In May 1933 I visited with my many Jewish friends during the first feeble boycott, and helped them plan how to get out from under it. On July 15, 1933, my late friend, Hubert Knickerbocker, and Edgar Ansel Mowrer-both courageous American journalists of renown-told me the shocking facts of the "bloody night of Koepenick," in which a score of Social Democrats were murdered by the SA. In Kiel, the police surrendered a prisoner to a lynch mob. The aged former president of the police, von Jagow, commented: "In 84 years this is the first time such a thing has happened in the Prussian police force. It takes decades to build a reliable law-enforcement body, but only a few days to despoil it."
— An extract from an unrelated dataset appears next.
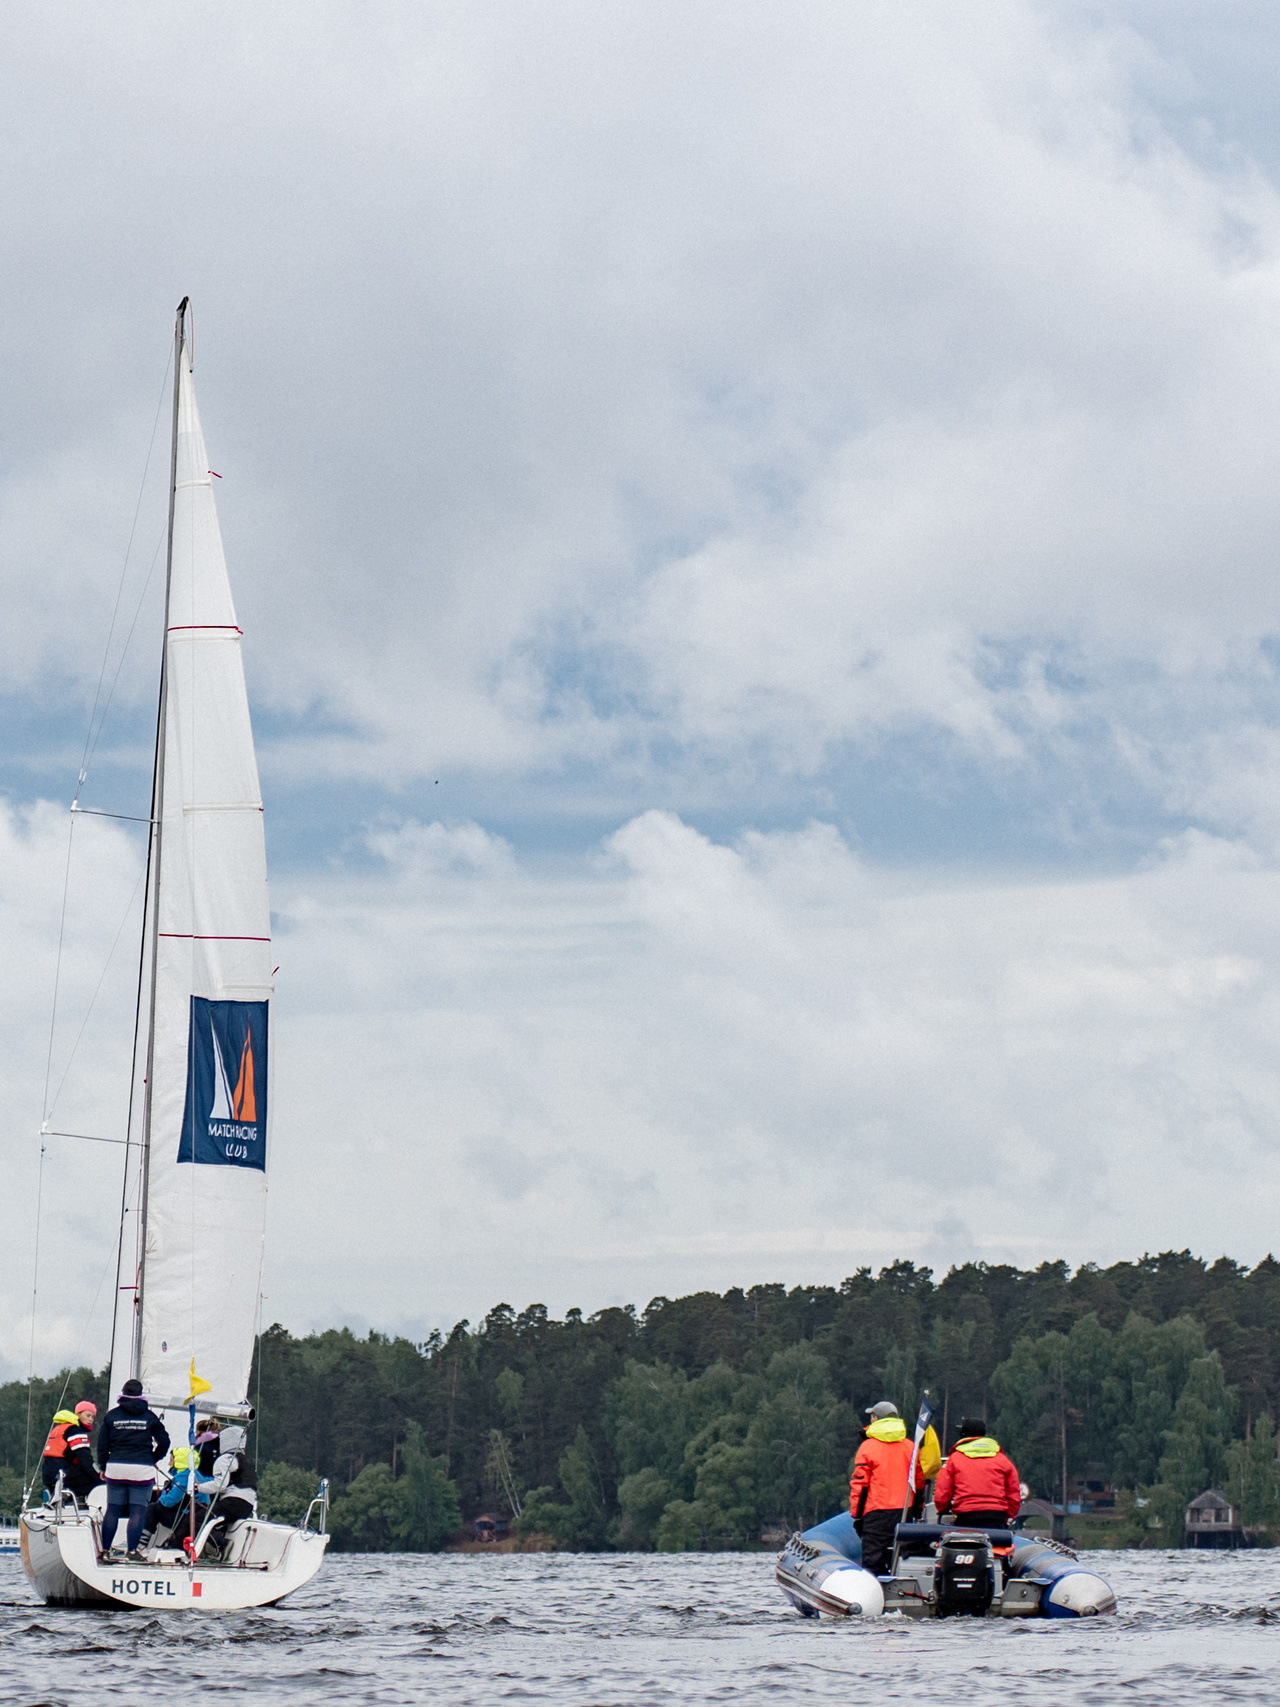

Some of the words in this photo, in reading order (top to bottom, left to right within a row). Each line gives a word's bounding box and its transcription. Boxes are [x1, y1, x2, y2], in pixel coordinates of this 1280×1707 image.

[208, 1122, 235, 1138] MATCH
[954, 1554, 975, 1565] 90
[111, 1579, 176, 1596] HOTEL
Thus far the atrocities were a domestic concern, but on June 30, 1934, the Hitler gang demonstrated its nature before the

world. In throwing down the supposed revolt of Captain Röhm, an orgy of annihilation of opponents swept Germany. Ex-Chancellor Kurt von Schleicher, his wife, General von Bredow, State Secretary Klausener, Vice Chancellor von Papen's assistant, Edgar J. Jung, and scores of others were slain in gangland style by SS murder detachments. Ex-Chancellor Heinrich Brüning and my friend Minister Gottfried Treviranus, through the courageous aid of British friends, just escaped being shot. Open terror glowered from the eye sockets of the death's head on the caps of the SS. Soon the Germans no longer dared to utter aloud the name "Himmler" or "Heydrich" for fear the sound of the dreaded names might kill. Thousands of doctors, scholars, and other professional men left the country because they were persecuted or had been declared racially, religiously, or politically undesirable. From 1933 to 1937 Hitler gave Germany full employment and recovery, and rearmed it to the teeth, bent all the time on revenge for Versailles and on the conquest of Europe, if not more, consumed by a morbid lust for power and more power.
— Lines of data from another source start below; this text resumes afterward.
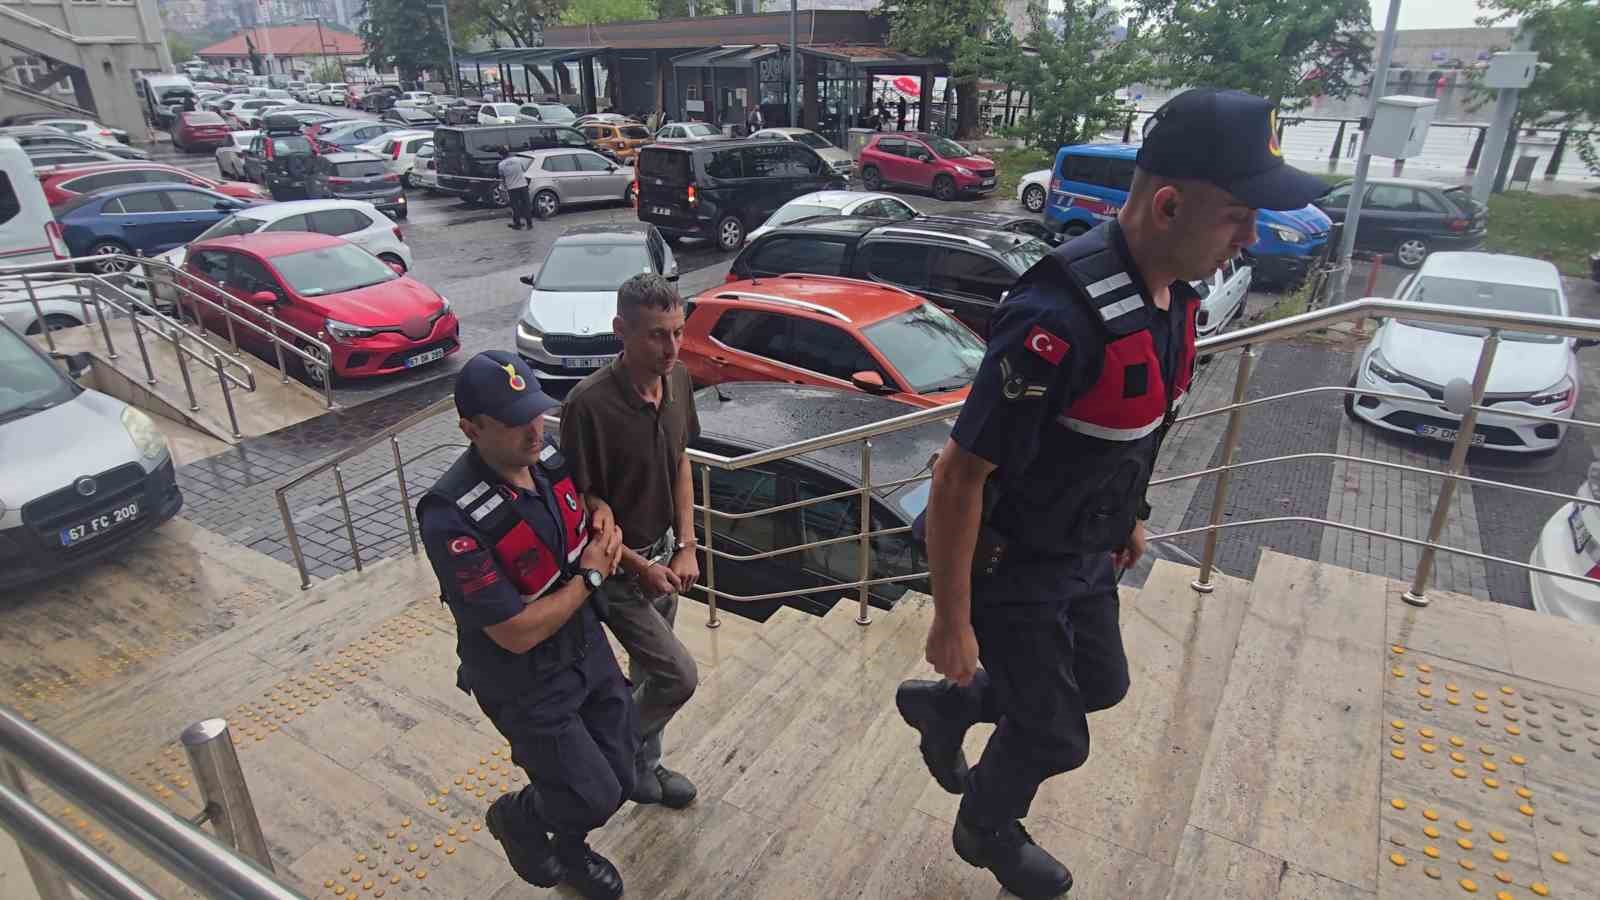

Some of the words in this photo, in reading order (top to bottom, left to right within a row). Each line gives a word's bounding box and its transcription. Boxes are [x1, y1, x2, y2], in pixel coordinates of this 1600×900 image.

[69, 525, 85, 540] 67
[91, 516, 109, 531] FC
[113, 503, 137, 522] 200
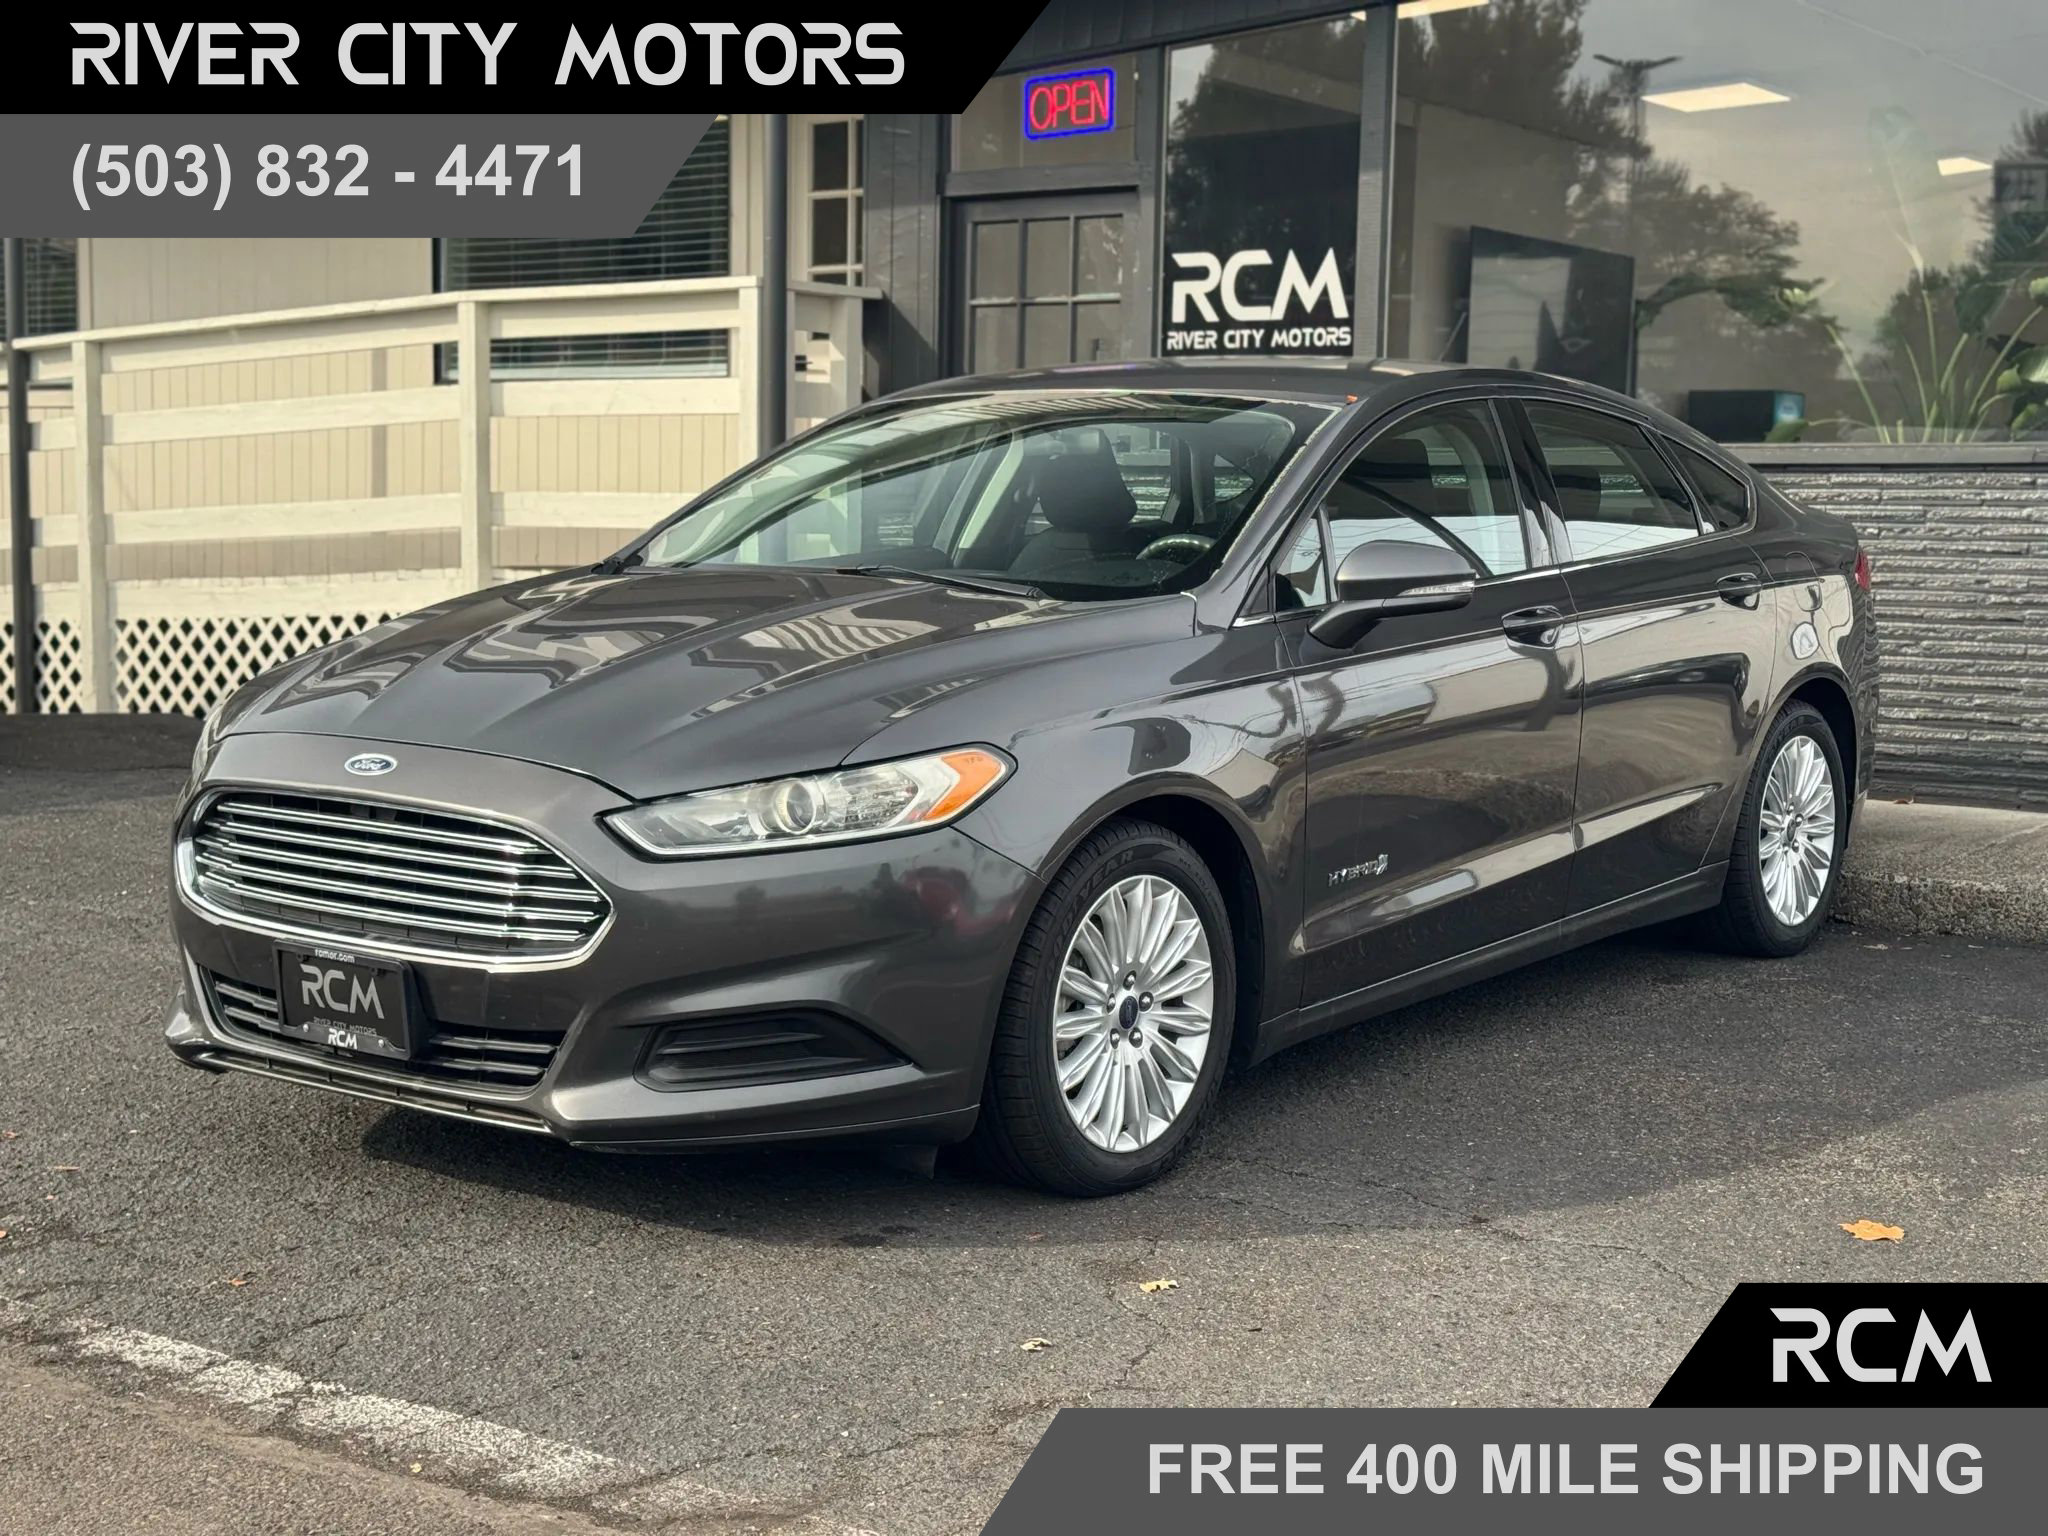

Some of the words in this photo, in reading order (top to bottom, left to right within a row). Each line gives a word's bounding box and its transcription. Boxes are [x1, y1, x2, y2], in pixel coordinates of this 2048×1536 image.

[1030, 74, 1109, 131] OPEN
[1171, 247, 1350, 323] RCM
[1166, 329, 1218, 350] RIVER
[1223, 328, 1265, 349] CITY
[1270, 326, 1352, 348] MOTORS
[1328, 860, 1379, 887] HYBRID
[300, 963, 385, 1020] RCM
[327, 1027, 358, 1050] RCM
With the success of domestic recovery, and unlimited rearmament, Hitler was presented with diplomatic success on a platter, first by France and Great Britain, then by Russia. While the Western democracies delivered Czechoslovakia to Hitler, Stalin went one step further and, in cahoots with Hitler, divided Poland and Rumania and gobbled up the Baltic States. This at long last brought appeasement to an end. Molotov and von Ribbentrop ratified this carnivorous deal. The same Mr. Molotov, incidentally, who is still ready, upon occasion, to offer similar deals, though now the conditions are harder.

Hitler then went on the fatal warpath, and ultimately made the same error that Napoleon did he invaded Soviet Russia, while the United States and Great Britain prepared for the onslaught which led to his doom.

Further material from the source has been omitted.